Another character in the book who becomes a star of the movie is Carolyn Parker’s daughter, Kyrah, a young woman whose first semester at Syracuse University comes to an abrupt end when the levees break.  On film, this former homecoming queen shines as both her mother’s equally high-spirited daughter and as bit of a foil for Carolyn.  Sometimes in the background as her mother speaks, sometimes in split screen next to her, Kyrah grins and laughs in both (a relatable every-child) embarrassment and genuine good humor as Carolyn jokes and flirts and revels in her dreams. At times, particularly when she’s interviewed alone, the losses Kyrah’s suffered (including the death of her beloved father) resonate in moments of reflection, showing a mature determination to use her life to right social wrongs—that, too, a quality very much like her mother.
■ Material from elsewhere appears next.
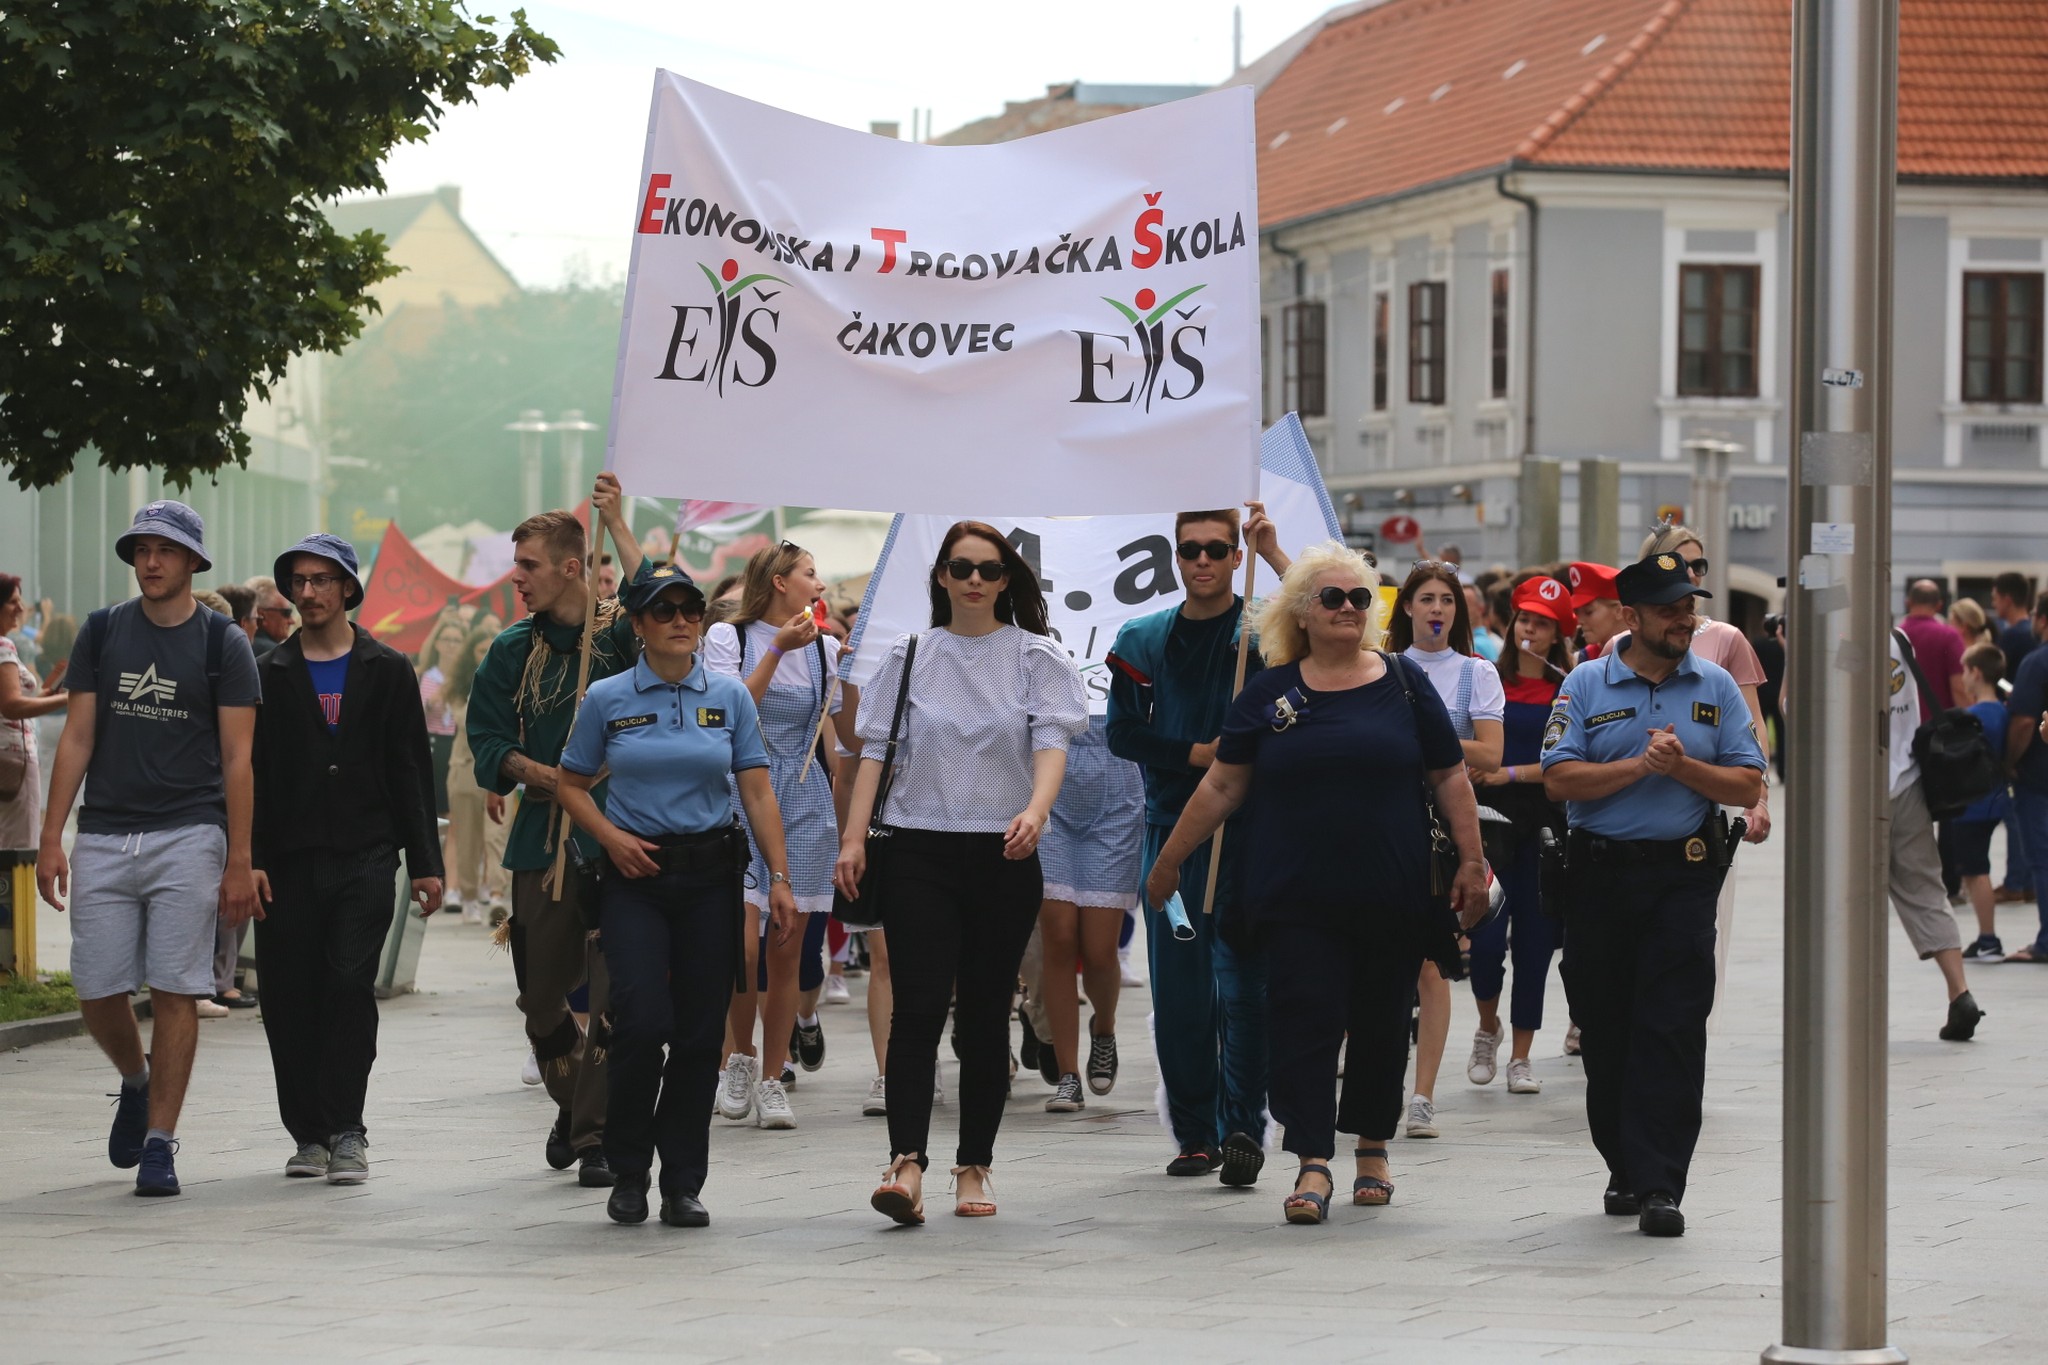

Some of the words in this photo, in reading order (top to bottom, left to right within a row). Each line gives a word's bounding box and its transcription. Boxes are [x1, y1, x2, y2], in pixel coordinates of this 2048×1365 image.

As colorful in word and action as Carolyn Parker’s purple, teal and yellow home, both book and movie reveal a rich spectrum of humanity shining through the harshest adversity.  Author Wolff and director Demme quilt a tapestry that tells a story both terrible and beautiful. Together, they search for what it is that keeps the residents of the Lower Ninth Ward fighting for their homes.  What they find, taken together, adds up to a rich vision of what community could and should mean. The Fight for Home leads every reader to reconsider the very meaning of home in his or her own life, while I’m Carolyn Parker raises the bar on both the concept of the good neighbor and the American hero.

Thanks to my MWF ENGL 121 students for your enthusiasm and insight!